• _EXERCISE REQUIREMENTS_
A faithful transcription of all the data is required.

Records from a data source:

******

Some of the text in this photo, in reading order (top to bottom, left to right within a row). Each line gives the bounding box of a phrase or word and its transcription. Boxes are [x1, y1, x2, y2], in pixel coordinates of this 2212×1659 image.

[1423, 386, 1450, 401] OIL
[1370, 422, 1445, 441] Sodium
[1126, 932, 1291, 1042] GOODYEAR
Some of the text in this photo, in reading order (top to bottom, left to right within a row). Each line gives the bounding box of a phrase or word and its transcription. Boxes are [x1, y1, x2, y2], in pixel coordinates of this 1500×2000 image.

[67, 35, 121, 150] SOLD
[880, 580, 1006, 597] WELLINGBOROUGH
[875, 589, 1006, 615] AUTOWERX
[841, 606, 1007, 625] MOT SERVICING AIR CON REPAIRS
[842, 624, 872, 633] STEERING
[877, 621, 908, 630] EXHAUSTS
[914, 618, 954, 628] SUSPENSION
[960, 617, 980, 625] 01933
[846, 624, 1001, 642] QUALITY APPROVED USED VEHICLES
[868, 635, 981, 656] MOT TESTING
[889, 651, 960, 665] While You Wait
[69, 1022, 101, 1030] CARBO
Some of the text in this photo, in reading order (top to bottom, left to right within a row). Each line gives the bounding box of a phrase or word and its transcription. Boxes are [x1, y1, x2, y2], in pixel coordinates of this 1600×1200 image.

******

• _RESULT_
Some of the text in this photo, in reading order (top to bottom, left to right within a row). Each line gives the bounding box of a phrase or word and its transcription. Boxes are [x1, y1, x2, y2], in pixel coordinates of this 2212×1659 image.

[1423, 386, 1450, 401] OIL
[1370, 422, 1445, 441] Sodium
[1126, 932, 1291, 1042] GOODYEAR
Some of the text in this photo, in reading order (top to bottom, left to right within a row). Each line gives the bounding box of a phrase or word and its transcription. Boxes are [x1, y1, x2, y2], in pixel coordinates of this 1500×2000 image.

[67, 35, 121, 150] SOLD
[880, 580, 1006, 597] WELLINGBOROUGH
[875, 589, 1006, 615] AUTOWERX
[841, 606, 1007, 625] MOT SERVICING AIR CON REPAIRS
[842, 624, 872, 633] STEERING
[877, 621, 908, 630] EXHAUSTS
[914, 618, 954, 628] SUSPENSION
[960, 617, 980, 625] 01933
[846, 624, 1001, 642] QUALITY APPROVED USED VEHICLES
[868, 635, 981, 656] MOT TESTING
[889, 651, 960, 665] While You Wait
[69, 1022, 101, 1030] CARBO
Some of the text in this photo, in reading order (top to bottom, left to right within a row). Each line gives the bounding box of a phrase or word and its transcription. Boxes are [x1, y1, x2, y2], in pixel coordinates of this 1600×1200 image.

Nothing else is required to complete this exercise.